Eigentlich ist es ein Wunder, dass die Fußballspiele nicht von der Hamburger Film GmbH mit dem Namen „Straßenfeger TV“ vermarktet werden. Dort würden sie gut ins Bild passen, denn die dort produzierten Shows verzeichnen hohe Zuschauerzahlen. Doch an die Einschaltquoten, die hochrangige Bundesligaspiele und erst recht die Spiele der deutschen Nationalmannschaft verzeichnen, reichen diese Sendungen bei Weitem nicht heran.

Wer während der Endrundenspiele der 2010er WM durch die deutschen Städte fuhr, der durfte sich selbst in der Rush-Hour über kurze Schlangen an den Ampeln und den Supermarktkassen freuen. Straßen und Parkanlagen wirkten wie „frisch ausgekehrt“, weil die Fans zu Hause, bei Freunden, in Gaststätten und vor den eigens dafür aufgestellten Outdoor-Leinwänden saßen und aufmerksam die Spiele verfolgten.

Immerhin verzeichnete Media Control beim Endspiel satte rund 32 Millionen Zuschauer allein in Deutschland.
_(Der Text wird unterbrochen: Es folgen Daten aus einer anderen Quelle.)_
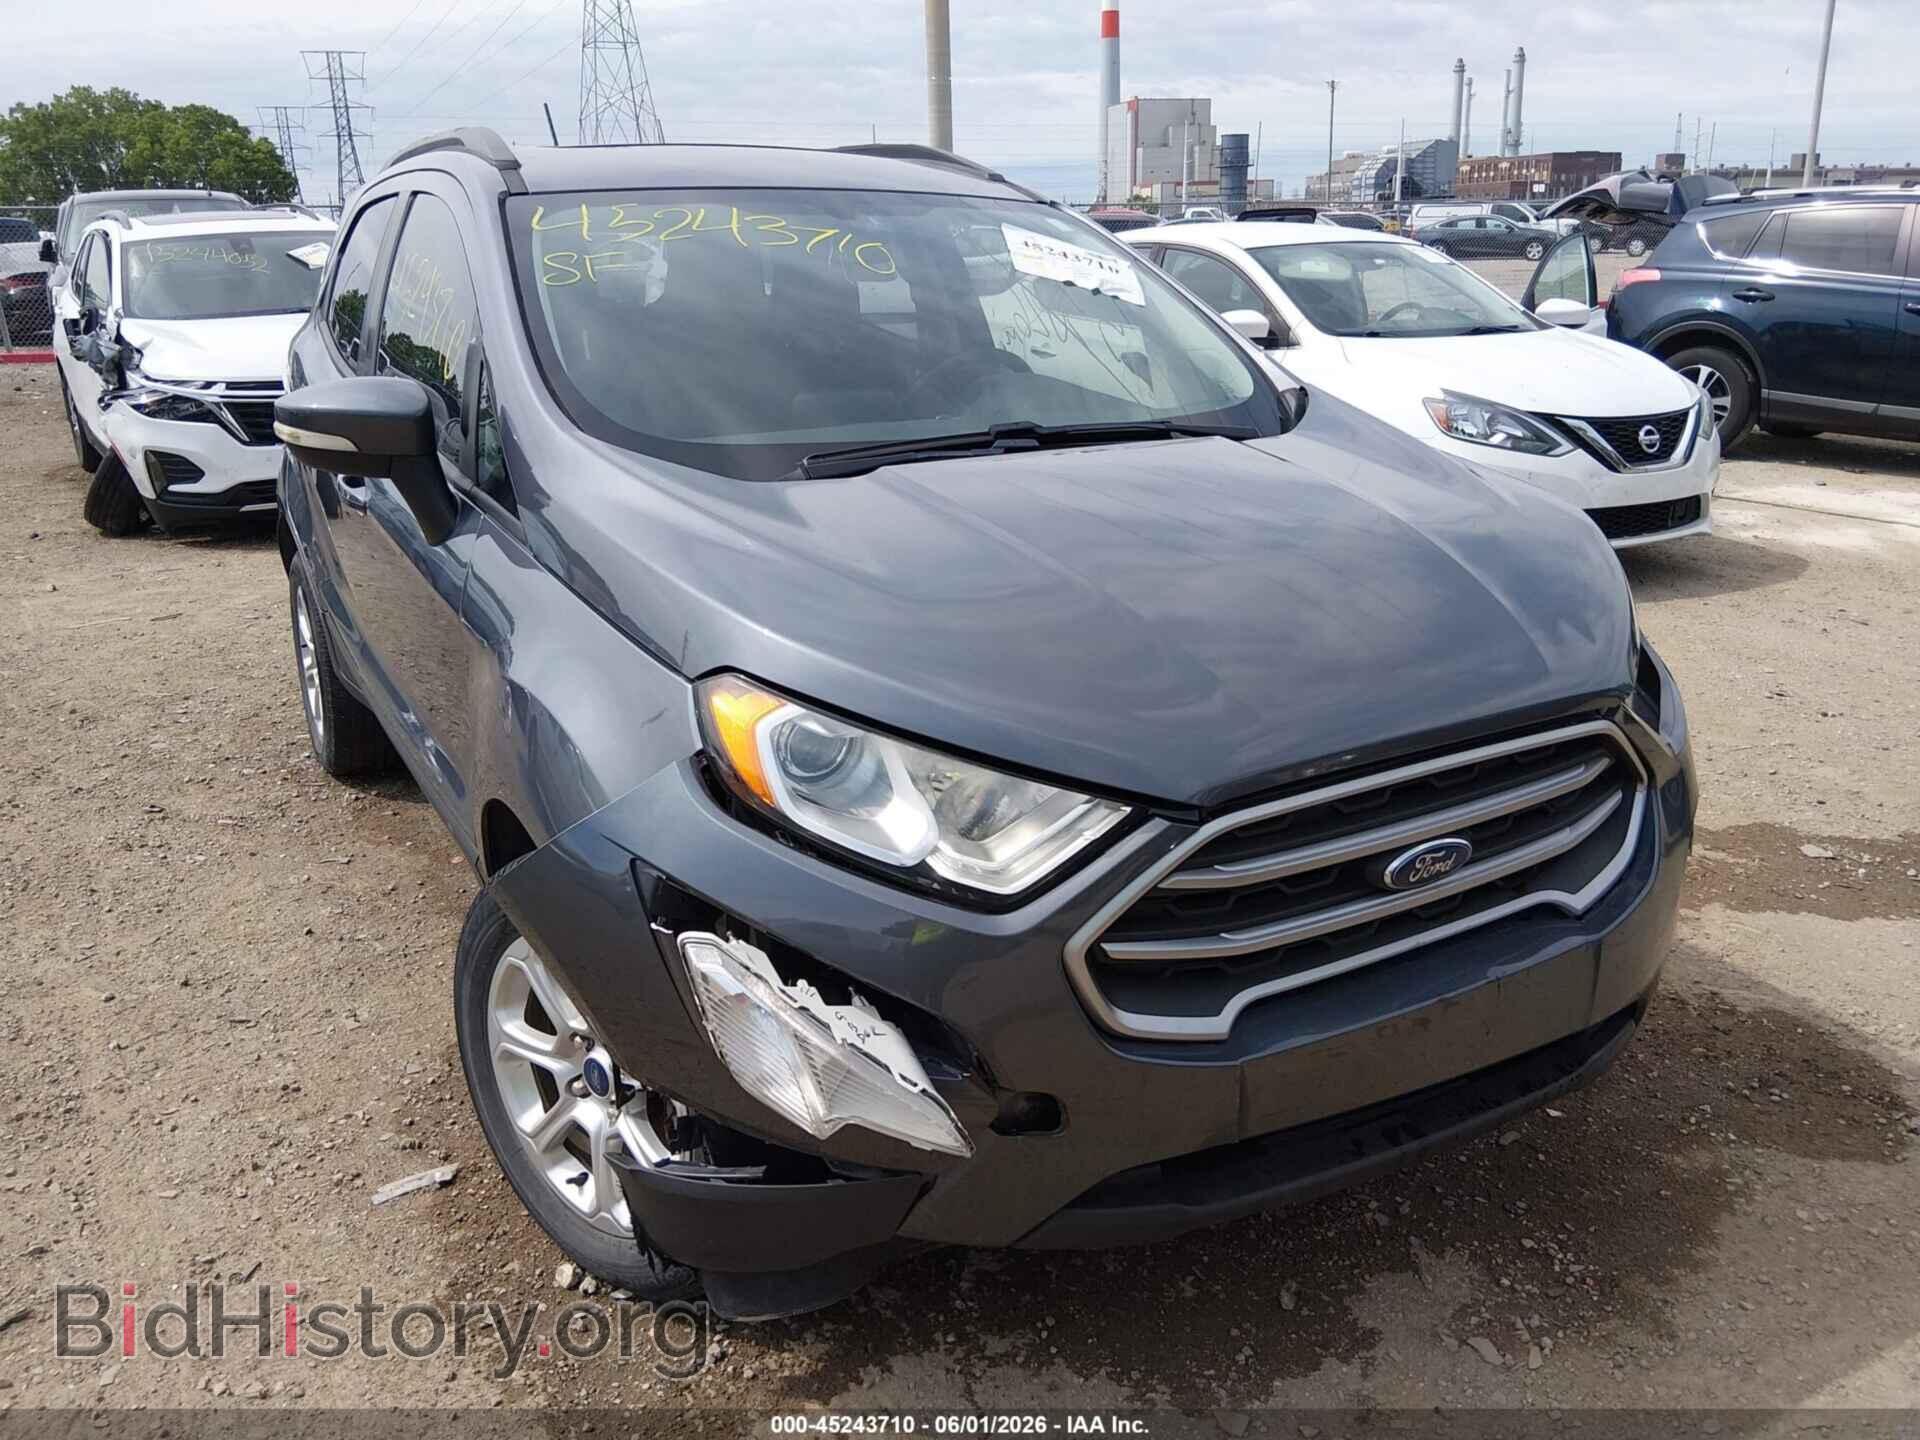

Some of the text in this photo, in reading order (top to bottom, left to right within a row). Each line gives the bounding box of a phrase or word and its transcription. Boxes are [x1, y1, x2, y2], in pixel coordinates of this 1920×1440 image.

[532, 203, 896, 274] 45243710
[543, 251, 650, 286] SF
[1409, 850, 1457, 882] Ford
Und dabei blieben sogar noch diejenigen unberücksichtigt, die sich das Battle als Livestream über das Internet anschauten. Um eine Vorstellung von dieser Größenordnung des Faninteresses zu bekommen, sollte man sich einmal vor Augen führen, dass das fast der doppelte Wert der Einwohnerzahl der ehemaligen DDR ist. Damit wurde ein neuer deutscher Rekord beim Interesse der Fans an den Spielen der Nationalmannschaft aufgestellt.

Auch bei wichtigen Spielen der Bundesliga bekommt man eine merkwürdige Leere in den Städten zu spüren. Es ist, als hielten sie den Atem an, um genügend Luft zu haben, die fallenden Tore gebührend bejubeln zu können. Gastronomie und Handel haben sich inzwischen schon darauf eingestellt und reduzieren in diesen Zeiten das Personal.